### Requirement
Full transcription, minus images: write out the listing below exactly as it appears.
■ ■ ■ ■
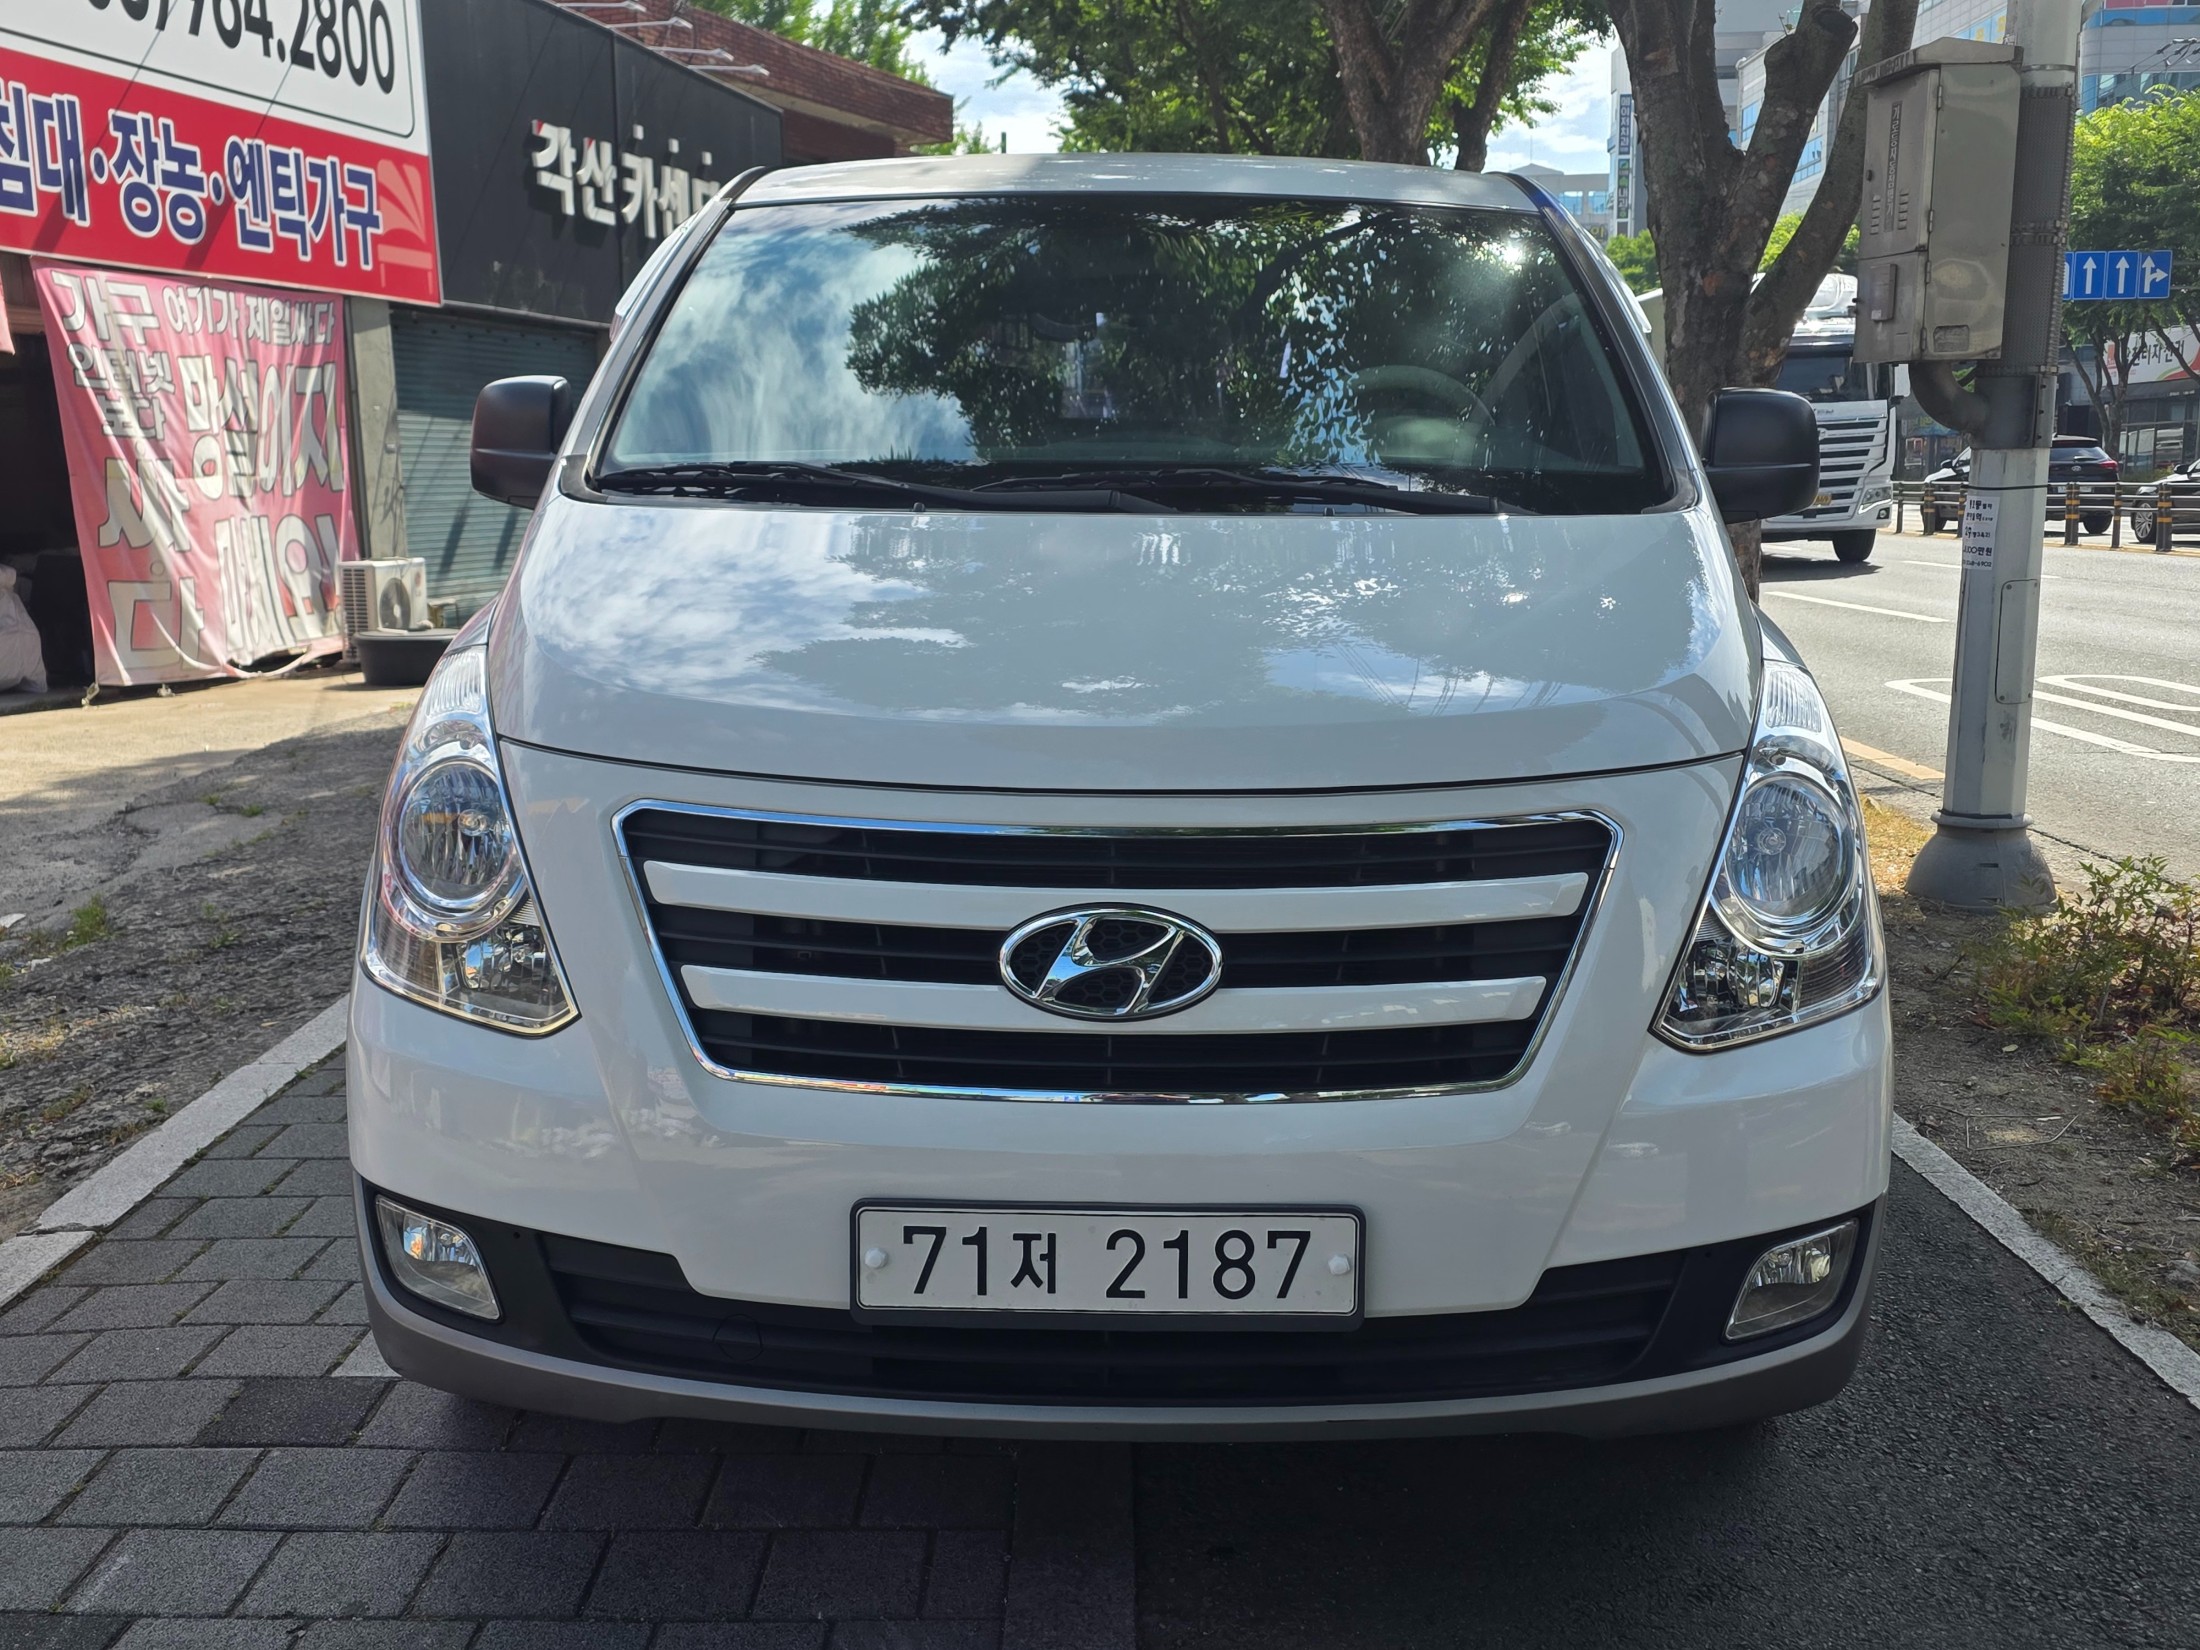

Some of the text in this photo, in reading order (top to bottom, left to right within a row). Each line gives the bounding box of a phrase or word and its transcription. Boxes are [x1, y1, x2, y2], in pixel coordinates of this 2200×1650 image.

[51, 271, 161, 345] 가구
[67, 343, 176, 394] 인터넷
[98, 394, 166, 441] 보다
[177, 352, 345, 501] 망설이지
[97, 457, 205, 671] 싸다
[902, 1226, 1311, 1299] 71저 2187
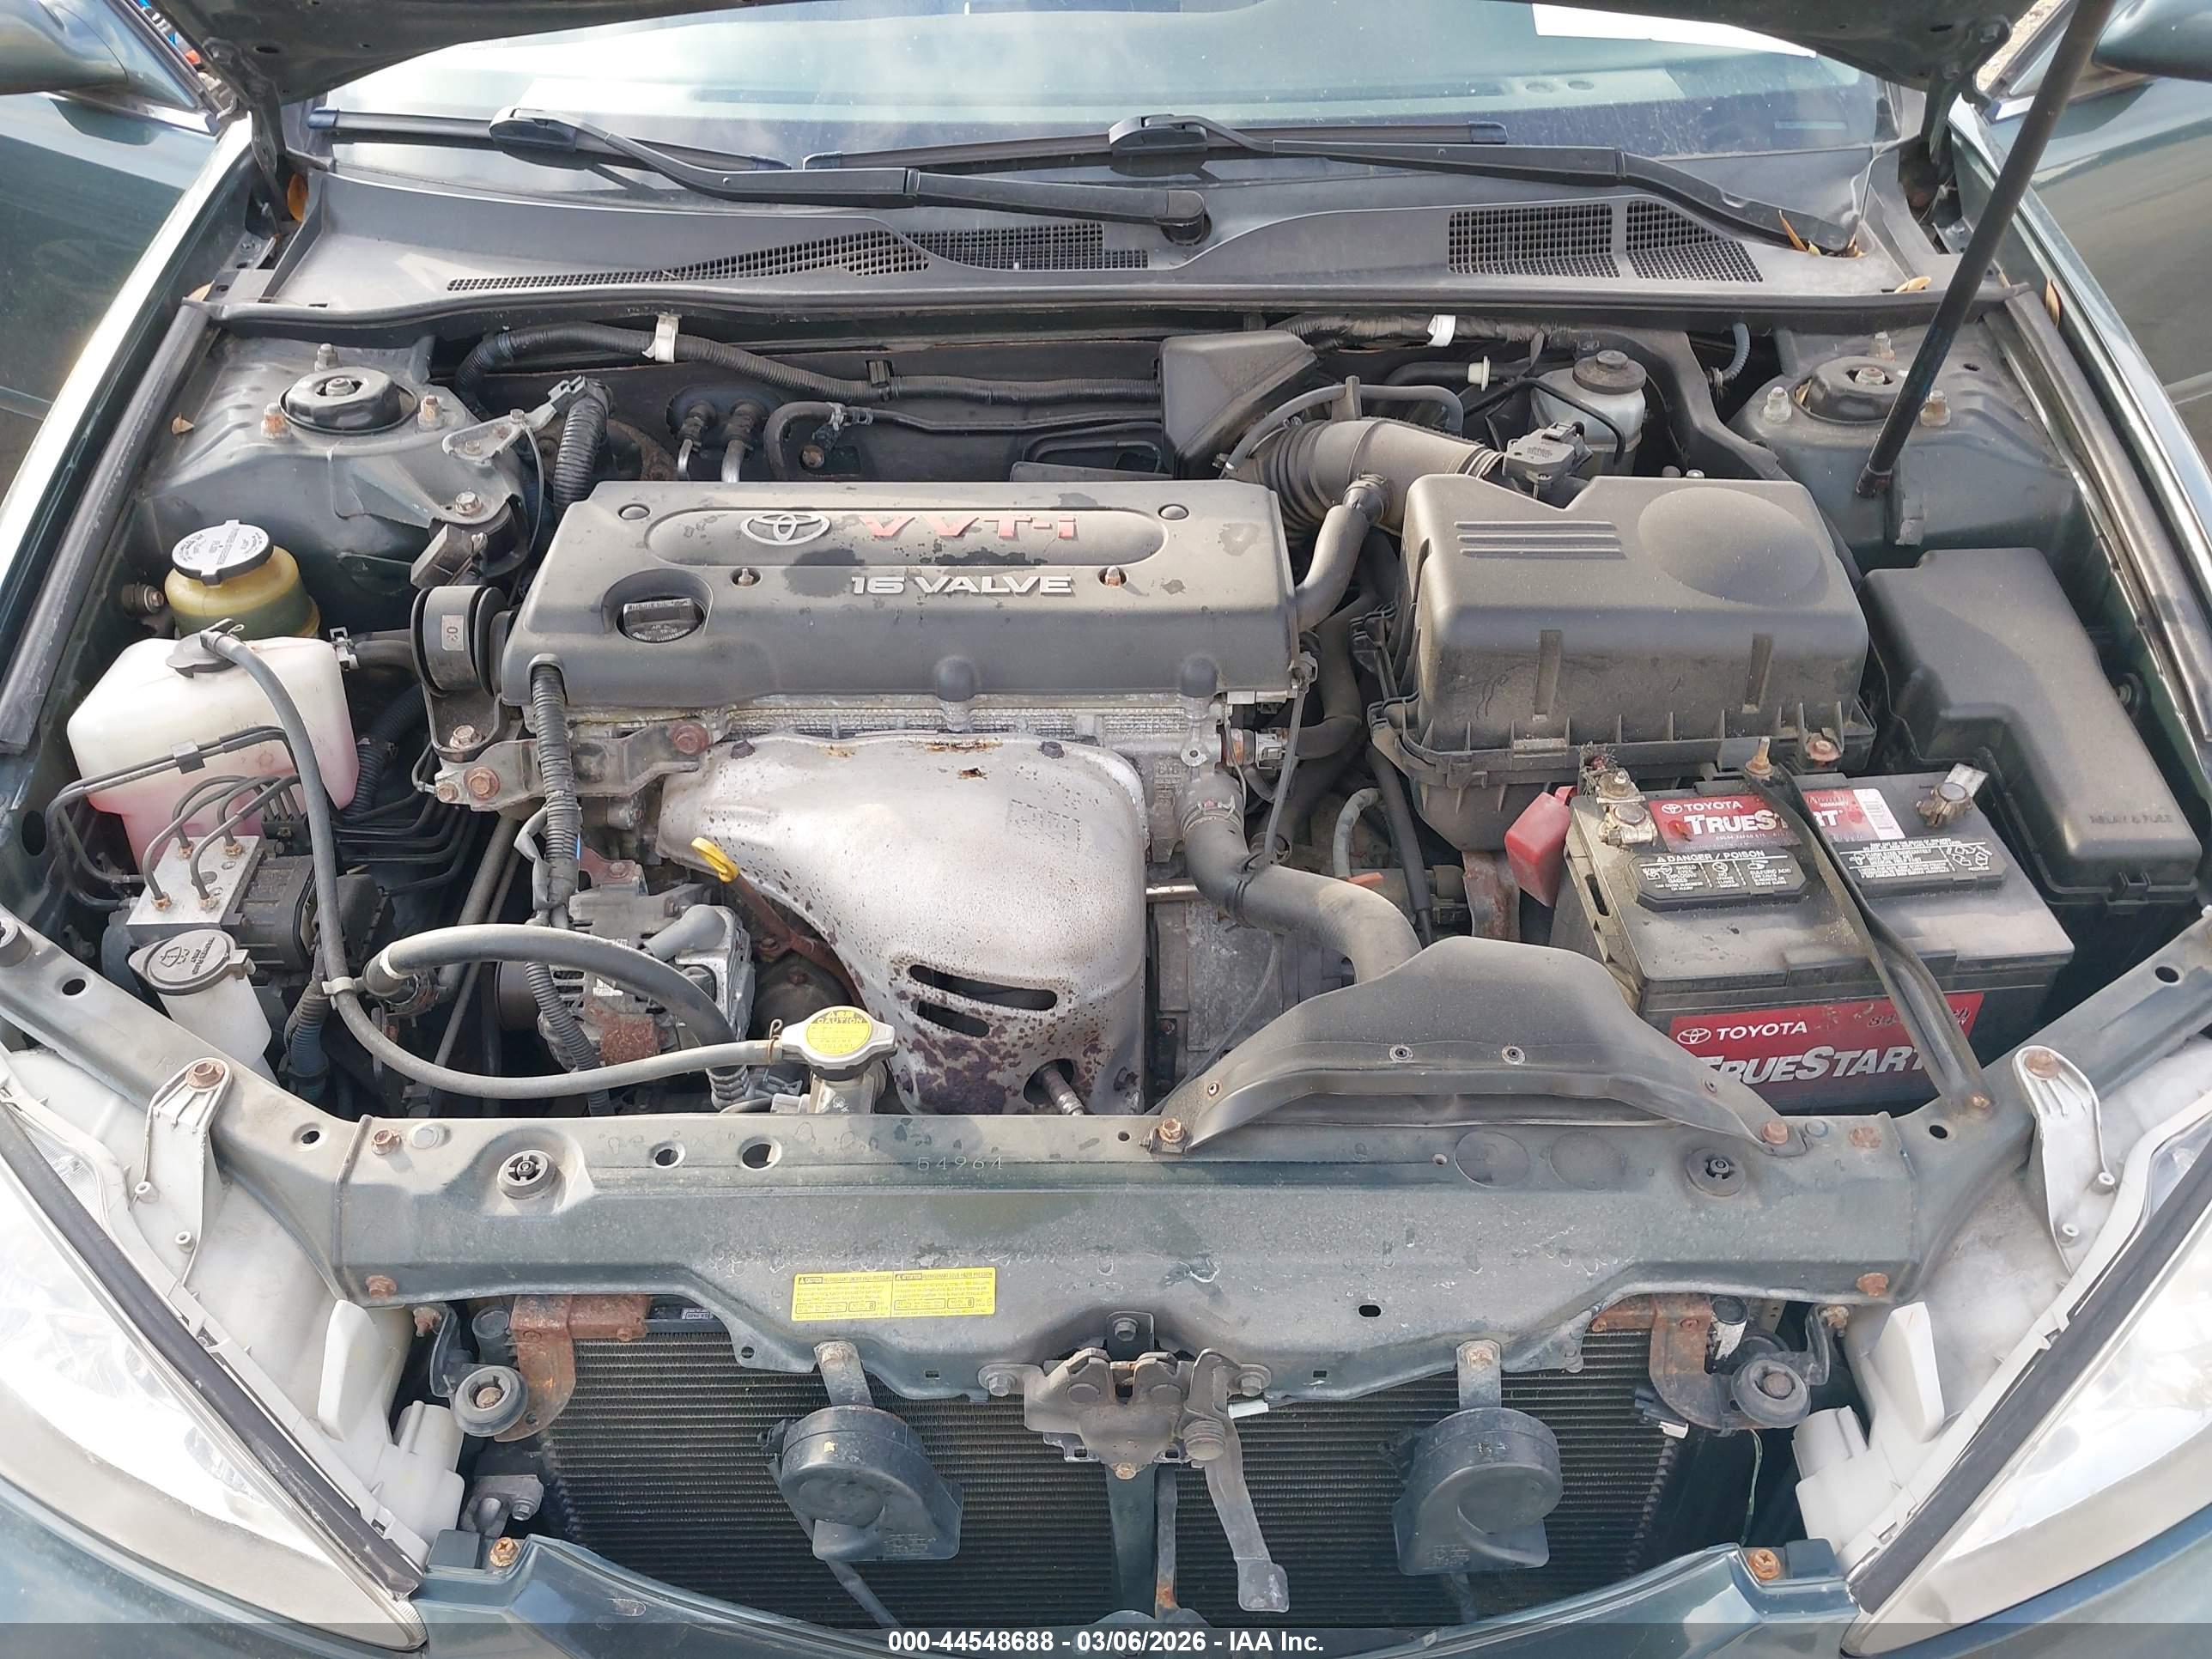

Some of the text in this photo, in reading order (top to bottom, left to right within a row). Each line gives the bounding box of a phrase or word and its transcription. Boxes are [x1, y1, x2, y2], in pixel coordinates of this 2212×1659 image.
■ ■ ■ ■
### Task response
Some of the text in this photo, in reading order (top to bottom, left to right within a row). Each line gives the bounding box of a phrase or word and its transcription. Boxes are [x1, y1, x2, y2], in pixel coordinates of this 2200×1650 image.

[51, 271, 161, 345] 가구
[67, 343, 176, 394] 인터넷
[98, 394, 166, 441] 보다
[177, 352, 345, 501] 망설이지
[97, 457, 205, 671] 싸다
[902, 1226, 1311, 1299] 71저 2187

Some of the text in this photo, in reading order (top to bottom, left to right within a row). Each line gives the bounding box of a phrase or word and its transcription. Boxes are [x1, y1, x2, y2], in pixel coordinates of this 2212×1659 image.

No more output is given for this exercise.